Next, we surmised that upon strong down-regulation of the TFAP2B protein, heterodimerization will be hindered and TFAP2A will not be efficiently targeted to specification loci. To test this idea, we performed CUT&RUN for TFAP2A in the presence of a TFAP2B DsiRNA. To ensure the data sets were comparable, we performed this experiment on bilaterally electroporated embryos and compared TFAP2A binding in the control versus the TFAP2B knockdown side of the embryo (Fig. 6C). This analysis revealed a decrease in TFAP2A occupancy at specification peaks (Fig. 6E). Notably, this decrease in occupancy was also specific to those TFAP2A peaks occupied by heterodimers (Fig. 6F), as TFAP2B-independent binding was not affected. Furthermore, peaks that displayed greater enrichment for TFAP2B binding showed a stronger reduction in the knockdown condition (Fig. 6G). A closer look at the loci of the neural crest specification genes LMO4 and SOX10 showed decreased binding by TFAP2A within numerous cis-regulatory elements (Fig. 6D). Together, these data support the idea that TFAP2B is required for the recruitment of TFAP2A to specification loci.

Given this specific requirement of TFAP2B for regulation of specification peaks, we next conducted rescue experiments to test if TFAP2C was able to rescue TFAP2B loss of function. We performed stage-specific knockdown of TFAP2B during neural crest specification (as shown in Fig. 3E) in combination with neural crest–specific overexpression of either TFAP2B or TFAP2C. To achieve neural crest–specific overexpression, we used the TFAP2A enhancer TFAP2AE1, which is active in the prospective neural crest HH6 onward (Supplemental Fig. S9), to drive early TFAP2B or TFAP2C expression in the neural crest lineage. As expected, TFAP2B overexpression was able to rescue the effects of TFAP2B knockdown, as shown by quantitative RT-PCR for the specification genes FOXD3, ETS1, SOX9, and SOX10 (Fig. 6H). In contrast, overexpression of TFAP2C does not adequately rescue the expression of specification genes (Fig. 6H). These results indicate that TFAP2B is specialized in its ability to promote neural crest specification. This is likely through the recruitment of TFAP2A to specification-specific genomic loci.

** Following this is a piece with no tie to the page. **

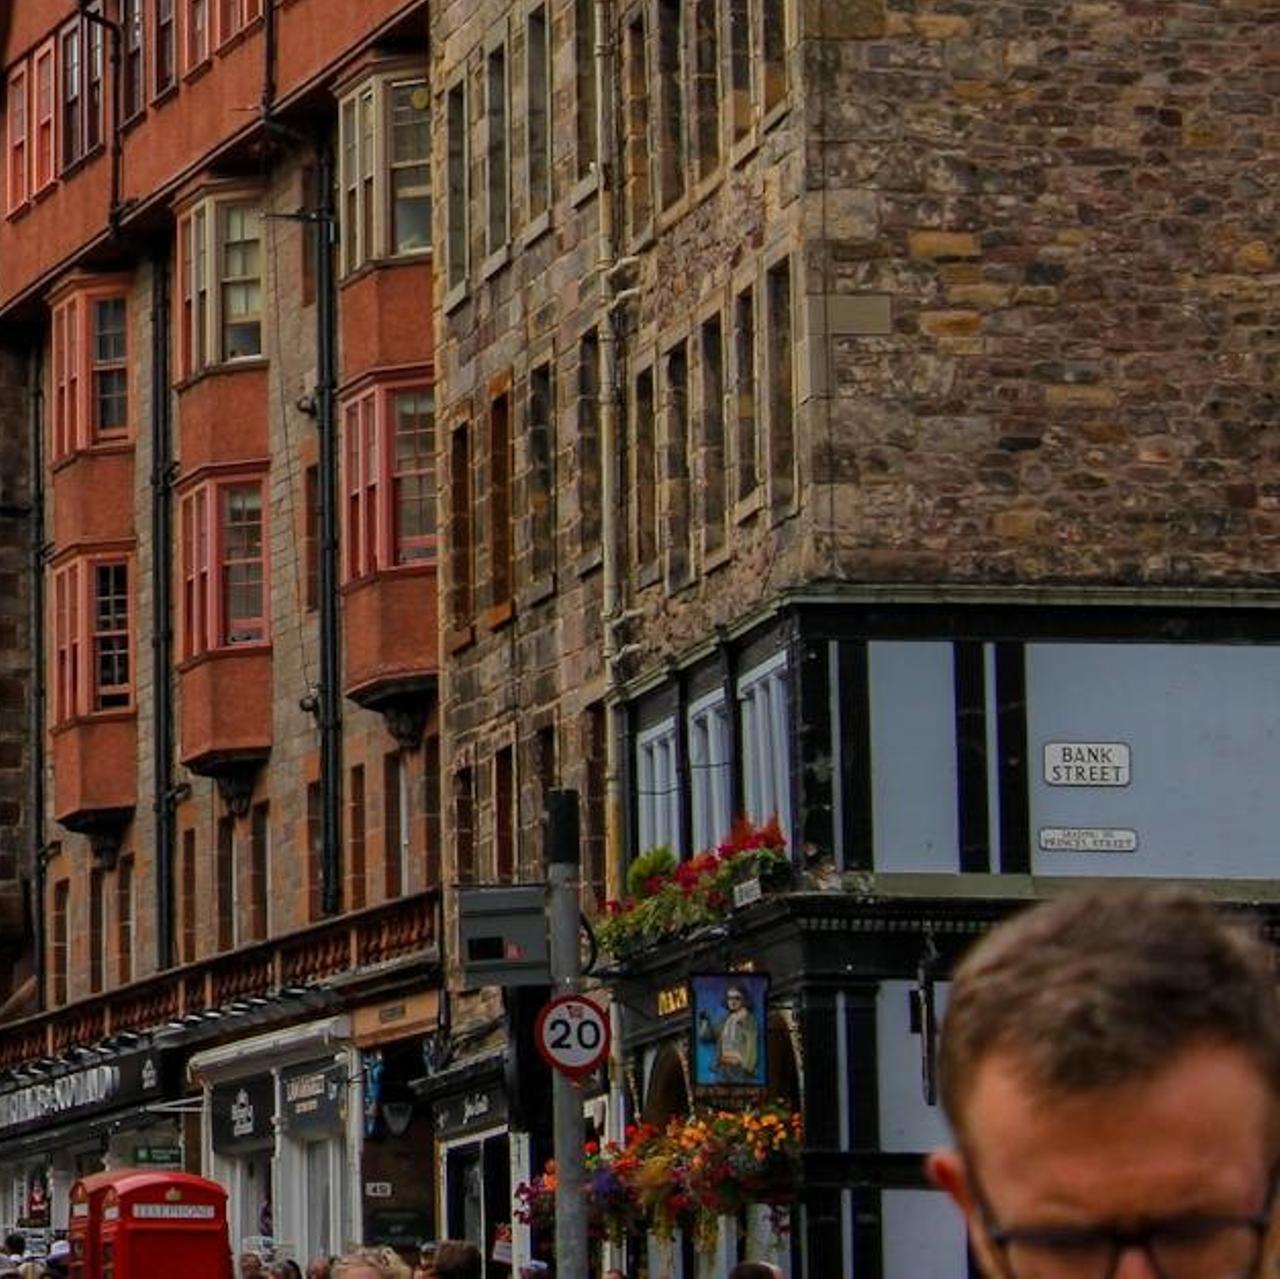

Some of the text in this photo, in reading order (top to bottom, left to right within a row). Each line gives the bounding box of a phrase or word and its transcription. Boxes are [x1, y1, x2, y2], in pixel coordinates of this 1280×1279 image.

[1062, 747, 1112, 763] BANK
[1052, 766, 1126, 782] STREET
[550, 1019, 601, 1050] 20

Finally, we tested the molecular switch by manipulating the timing of TFAP2B expression. Because TFAP2B is able to repress TFAP2C expression, premature introduction of the former should be sufficient to drive the formation of TFAP2A/B dimers and aberrantly activate the specification program. We unilaterally transfected the TFAP2AE1:TFAP2B vector into avian embryos with the NC1 enhancer (Fig. 6I), a reporter of neural crest specification isolated from the FOXD3 gene (Simões-Costa et al. 2012). As predicted by our model, this manipulation resulted in a premature onset of specification, with early activity of NC1 in the reprogrammed side of the embryo (Fig. 6J). Embryos transfected with TFAP2AE1:TFAP2C displayed no such reprogramming (Fig. 6K). Furthermore, we found that premature TFAP2B expression is also capable of activating other neural crest specification enhancers, including Sox9 enh-345 and Snai2 enh-13 (Fig. 6L; Williams et al. 2019). To determine whether this precocious enhancer activation is accompanied by increased expression of neural crest specification genes, we FACS-sorted neural crest cells from bilaterally electroporated embryos transfected with TFAP2AE1:TFAP2B or a TFAP2AE1:mCherry control and performed quantitative RT-PCR for the specification genes SOX9, SNAI2, FOXD3, and SOX10. We observed that genes within the specification program, SOX9 and SNAI2, showed a significant increase in gene expression upon premature TFAP2B expression (Fig. 6M). This shows that we are able to manipulate the TFAP2 molecular switch to alter the timing of neural crest specification.

Discussion

Context-specific functions of transcriptional regulators are modulated by a number of mechanisms, including interactions with various cofactors, post-translational modifications, and, in the case of some proteins, distinctive dimerization capabilities (Hai and Curran 1991; Lee et al. 2012; Lukoseviciute et al. 2018). Here we describe a molecular switch based on the heterodimerization of pioneer transcription factors that drives the progression between sequential steps of cell fate commitment. Our functional and genomic analyses of TFAP2A, TFAP2C, and TFAP2B show that these paralogs work together to promote overarching changes in the epigenomic landscape of progenitor cells (Fig. 6N).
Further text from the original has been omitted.